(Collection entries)
+++

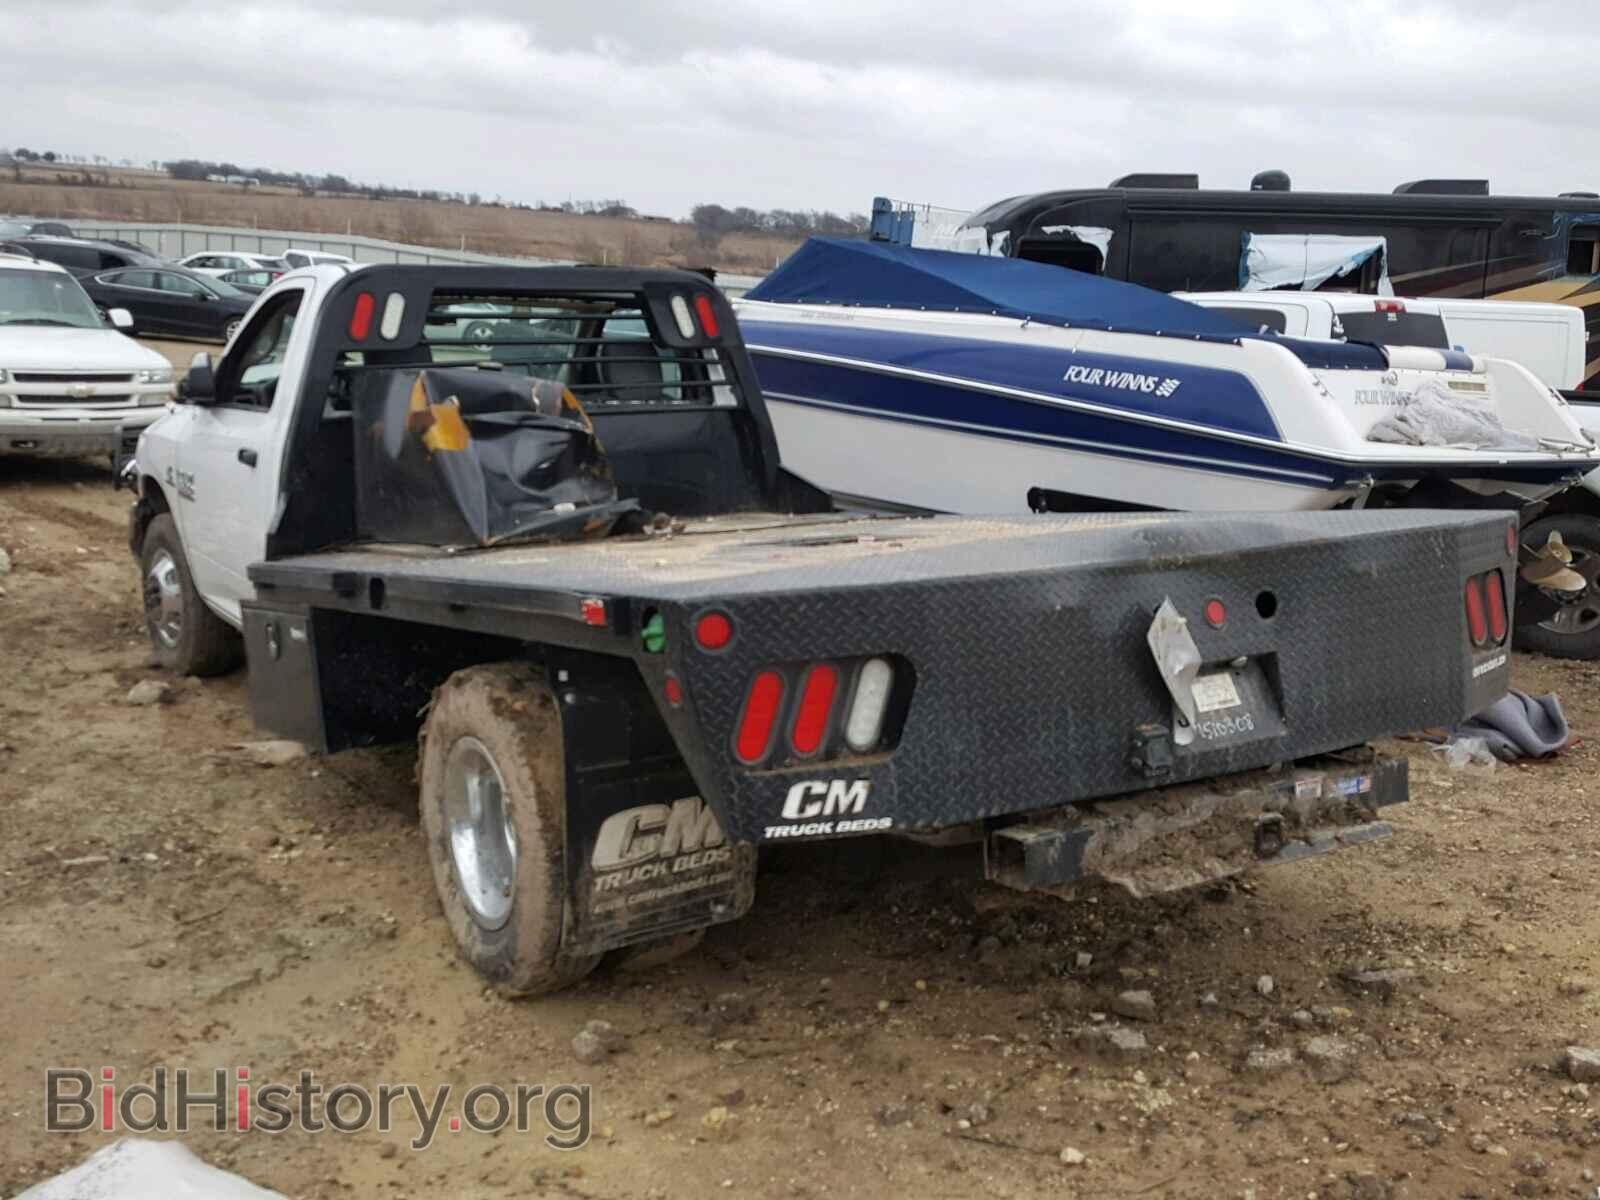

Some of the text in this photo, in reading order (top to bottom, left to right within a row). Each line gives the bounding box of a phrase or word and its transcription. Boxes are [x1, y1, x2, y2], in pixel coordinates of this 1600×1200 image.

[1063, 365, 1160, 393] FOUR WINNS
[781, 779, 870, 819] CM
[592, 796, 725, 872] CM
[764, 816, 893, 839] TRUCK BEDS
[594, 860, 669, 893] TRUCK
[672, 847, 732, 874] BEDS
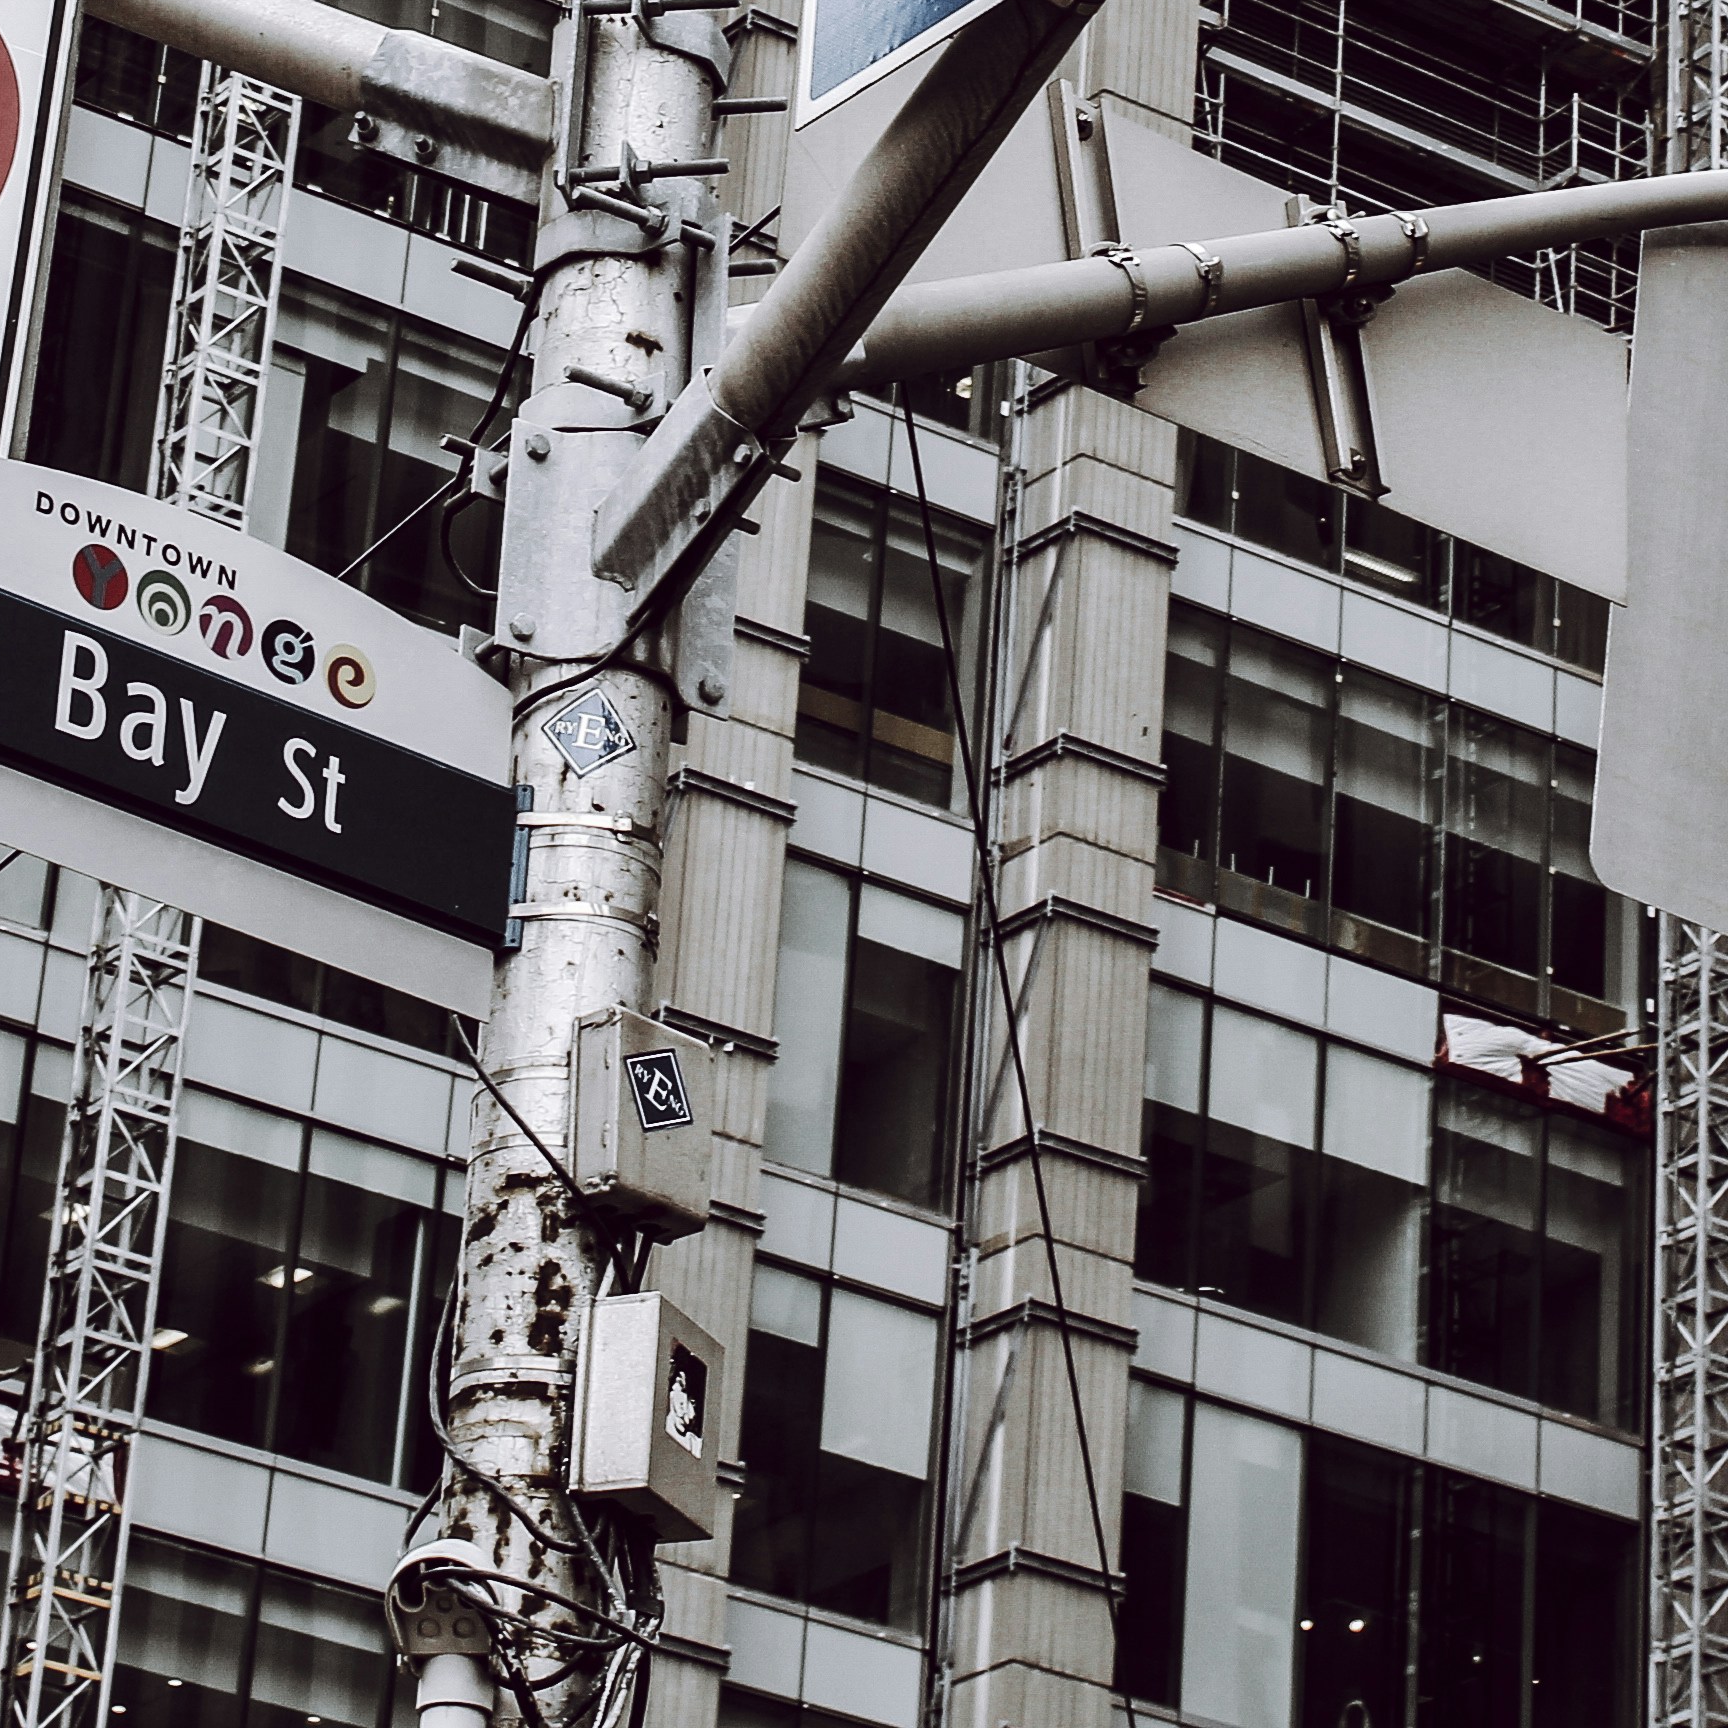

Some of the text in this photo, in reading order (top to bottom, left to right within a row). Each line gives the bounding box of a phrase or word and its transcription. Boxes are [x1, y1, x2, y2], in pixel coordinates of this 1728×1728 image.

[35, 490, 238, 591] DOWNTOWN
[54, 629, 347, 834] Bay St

+++

Required action
Transcribe exactly the lines from the one containing "this 1728×1728 image." through the end of the records, both included, and nothing else.

Written reply
Some of the text in this photo, in reading order (top to bottom, left to right within a row). Each line gives the bounding box of a phrase or word and its transcription. Boxes are [x1, y1, x2, y2], in pixel coordinates of this 1728×1728 image.

[35, 490, 238, 591] DOWNTOWN
[54, 629, 347, 834] Bay St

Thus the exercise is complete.